Pros
Competitive compensation, excellent health benefits, fully remote work, and the opportunity to work alongside smart, passionate people. If you’re excited by crypto and thrive in fast-moving environments, there’s plenty of interesting work to do.
Cons
The best word I can use to describe the experience is chaotic. This isn’t the healthy ambiguity that comes with a fast-growing company. Priorities shift frequently, reorgs are common, and it can be difficult to know which initiatives will remain priorities from one moment to the next.
Communication often feels reactive rather than strategic. Employees regularly receive lengthy Slack posts from leadership at all hours, including nights and weekends, and major changes can happen with little context. Over time, this makes it difficult to feel confident in the company’s direction or build trust in leadership.
Prospective employees should also know that Kraken has a workplace culture unlike most tech companies. Leadership takes a very broad approach to free expression, and political/cultural debates are common in public Slack channels with intentionally limited moderation. Some people will appreciate that environment, while others may find it distracting or uncomfortable.
Job security can also feel uncertain. Reorgs and layoffs are recurring realities, and the process is handled by disabling employee access before notifying those affected. Regardless of the business rationale, it leaves employees feeling like they’re disposable rather than valued.

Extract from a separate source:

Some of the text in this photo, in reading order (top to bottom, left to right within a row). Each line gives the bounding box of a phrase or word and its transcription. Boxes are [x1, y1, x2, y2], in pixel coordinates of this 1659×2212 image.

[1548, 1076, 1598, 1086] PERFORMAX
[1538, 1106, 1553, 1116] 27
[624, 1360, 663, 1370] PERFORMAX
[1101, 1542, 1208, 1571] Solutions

There are genuinely talented people throughout the company, but the constant shifts in direction, lack of organizational stability, and erosion of employee trust make it difficult to recommend as a long-term place to build a career. If you thrive in constant change and don’t mind uncertainty, this may be a good fit. If you’re looking for strategic consistency, stability, and thoughtful leadership through change, I would look elsewhere.